Text-to-region grounding data
☆ ☆ ☆ ☆ ☆ ☆ ☆

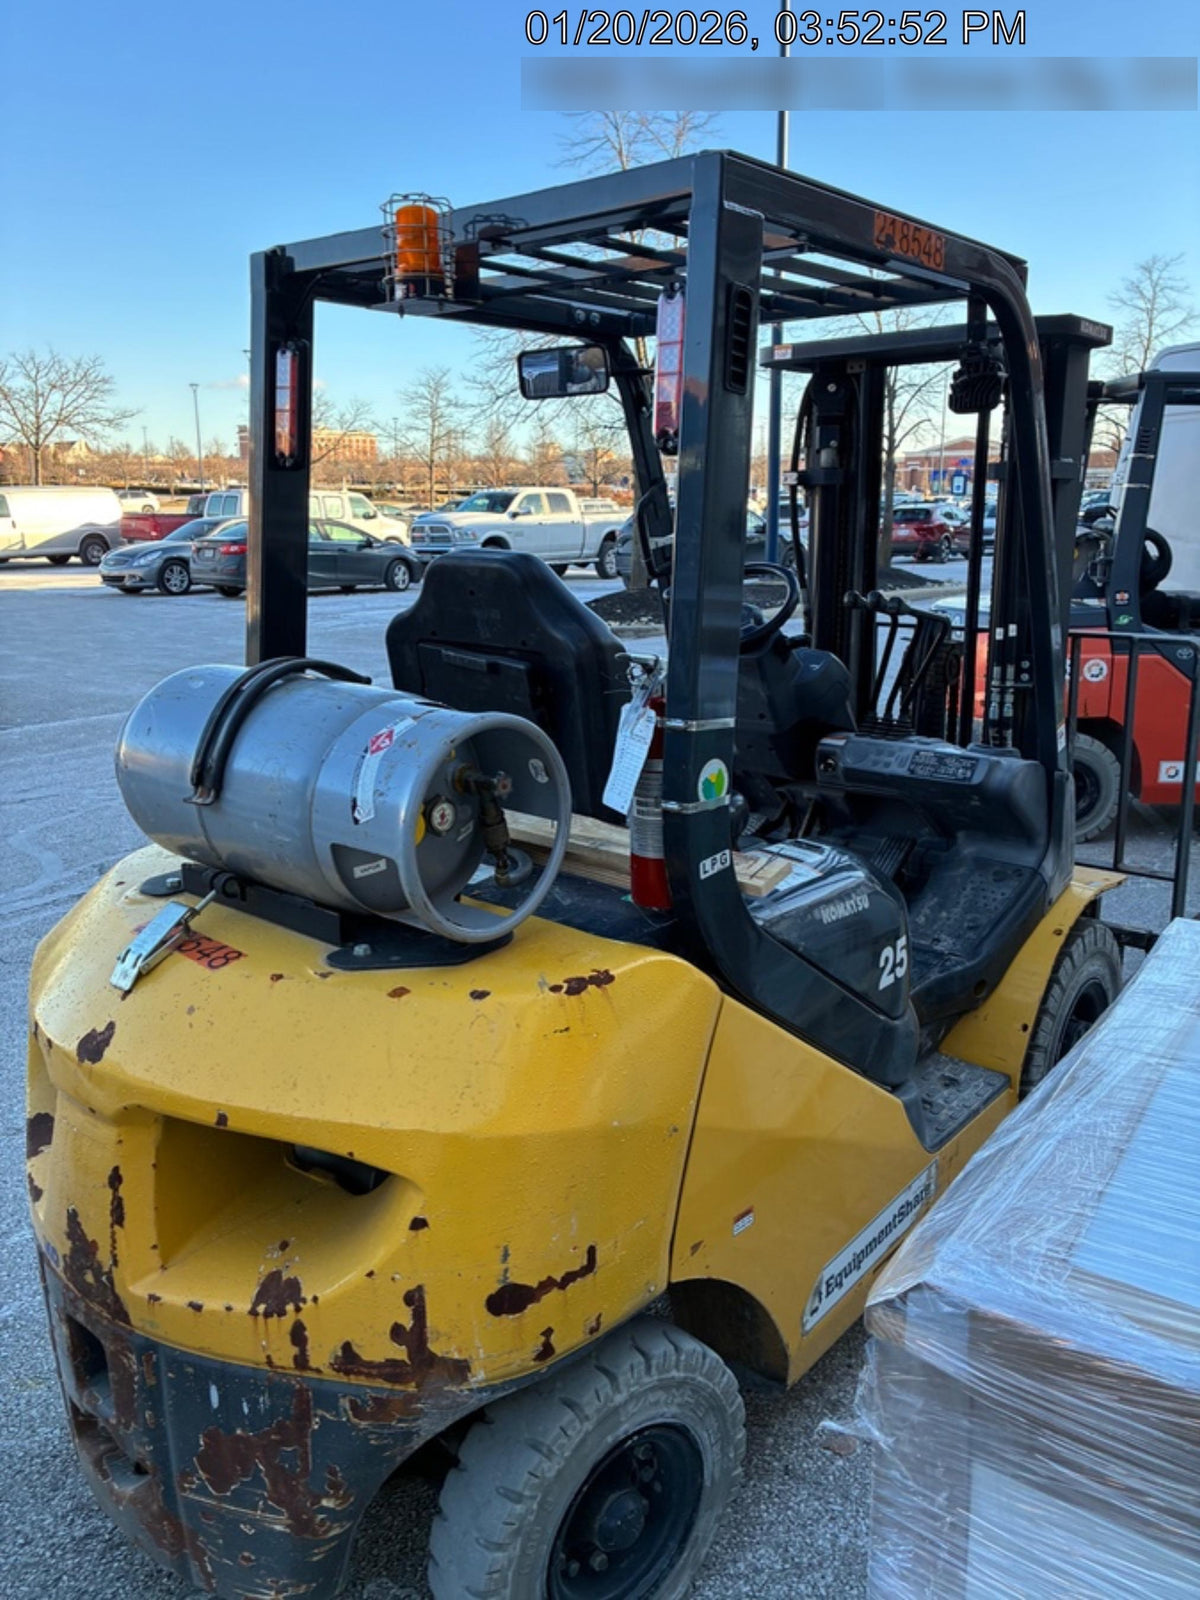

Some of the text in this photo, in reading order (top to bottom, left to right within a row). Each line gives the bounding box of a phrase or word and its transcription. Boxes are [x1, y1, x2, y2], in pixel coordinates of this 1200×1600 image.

[702, 852, 728, 875] LPG
[821, 893, 870, 925] KOMATSU
[878, 934, 908, 991] 25
[824, 1182, 932, 1298] EquipmentShare

☆ ☆ ☆ ☆ ☆ ☆ ☆

_Your instructions_. Output all the records above again exactly, with the pictures dropped.

_Output_.
Some of the text in this photo, in reading order (top to bottom, left to right within a row). Each line gives the bounding box of a phrase or word and its transcription. Boxes are [x1, y1, x2, y2], in pixel coordinates of this 1200×1600 image.

[702, 852, 728, 875] LPG
[821, 893, 870, 925] KOMATSU
[878, 934, 908, 991] 25
[824, 1182, 932, 1298] EquipmentShare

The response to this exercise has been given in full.